Tuttavia, non è sul tema coloniale (assai cocente ai tempi dell’autore), sul contrasto tra civile e incivile, progresso e selvatichezza, che Brook punta il dito. Semmai, sul mistero della storia (quella di chiunque), della vita, delle relazioni, del destino. E tanto più sul valore “curativo” della poesia e del teatro. Mentre i fatti si dipanano (il naufragio è andato a buon fine ma nessuno ha perso nemmeno un capello), mentre Miranda e Ferdinando scoprono l’Amore, mentre il passato viene rivelato nei suoi dettagli celati per anni, mentre le recriminazioni di Calibano si fanno sempre più esplicite e mentre la magia di Prospero, unica alternativa al male del mondo, depone le sue armi, si fa infatti strada, con lieve energia, l’idea che solo la Poesia possa redimere le colpe e aggiustare le storture del caso.

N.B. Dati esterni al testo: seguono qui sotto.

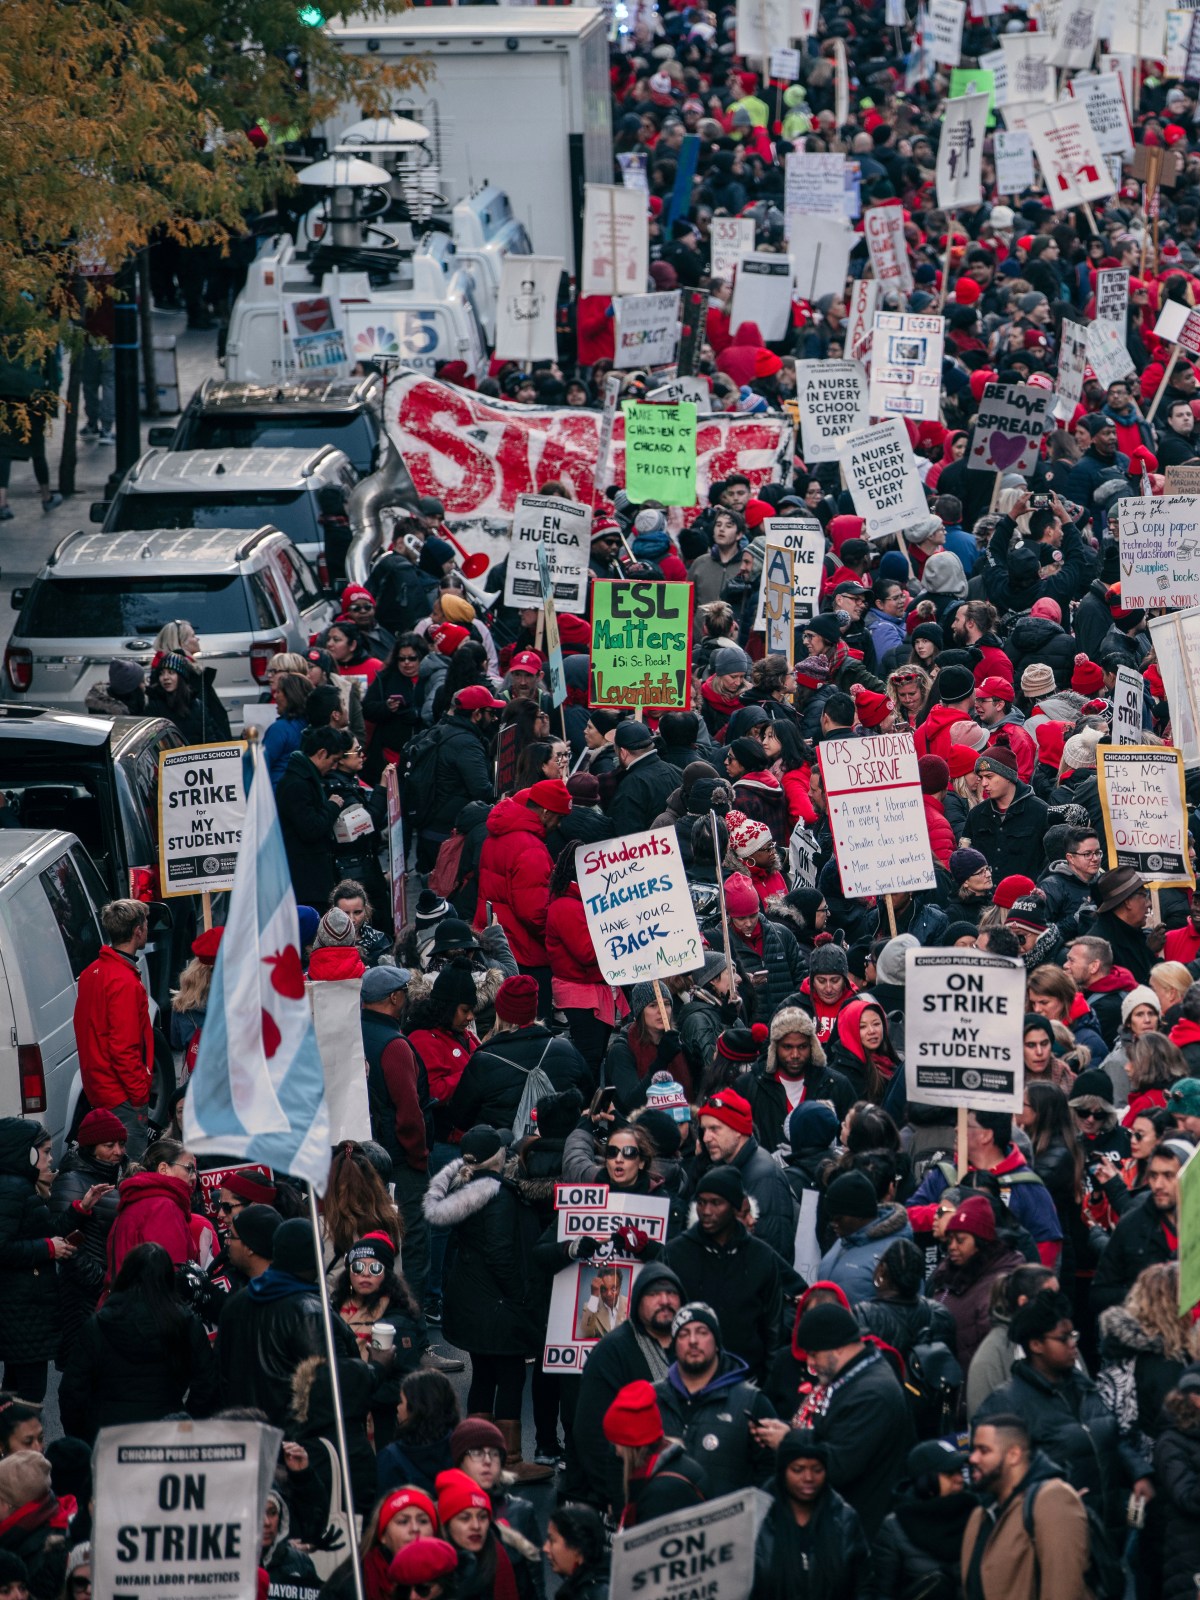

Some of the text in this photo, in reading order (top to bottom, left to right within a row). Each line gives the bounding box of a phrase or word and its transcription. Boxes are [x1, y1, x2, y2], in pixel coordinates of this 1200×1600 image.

E se a tratti, nel corso dello spettacolo, si è avvertito uno scricchiolìo nella compattezza dell’insieme, la scena finale arriva prodigiosa a farcene dimenticare. Luci alte in sala. Prospero perdona i suoi aguzzini. Attore e personaggio abbracciano idealmente il pubblico. La finzione si rompe. E allora viene da pensare che questa riscrittura da Shakespeare (il testo del lavoro, adattato dalla versione francese di The Tempest di William Shakespeare di Jean-Claude Carrière, è stato pubblicato il 4 novembre 2020 da Actes Sud-Papiers) ci voglia essenzialmente e ancora una volta ricordare come, dal palcoscenico-mondo del teatro, sia l’Arte il vero, solido, gancio cui l’umanità possa aggrapparsi per sentirsi realmente libera. Su questo gancio si appendono valori che uniscono, idee che legano culture e cuori, che annullano le barriere tra colonizzatori e colonizzati, schiavi e padroni. L’arte, di cui la magia è la massima espressione, permette a Prospero di perdonare. E non è forse proprio il perdono il dono più grande che l’uomo possa fare a se stesso?
Tempest Project
adattamento e messa in scena Peter Brook e Marie-Hélène Estienne
uno spettacolo nato da una ricerca su La Tempesta di William Shakespeare
con Sylvain Levitte, Paula Luna, Fabio Maniglio, Luca Maniglio, Jared McNeill, Ery Nzaramba
luci Philippe Vialatte
canzoni Harue Momoyama
produzione Centre International de Créations Théâtrales / Théâtre des Bouffes du Nord
coproduzioneThéâtre Gérard Philipe, centre dramatique national de Saint-Denis; Scène nationale Carré-Colonnes Bordeaux Métropole; Le Théâtre de Saint-Quentin-en-Yvelines – Scène Nationale; Le Carreau – Scène nationale de Forbach et dell’Est mosellan; Teatro Stabile del Veneto; Cercle des partenaires des Bouffes du Nord.
Romaeuropa Festival, Auditorium Parco della Musica, Sala Petrassi, Roma, dal 26 settembre al 1° ottobre 2023.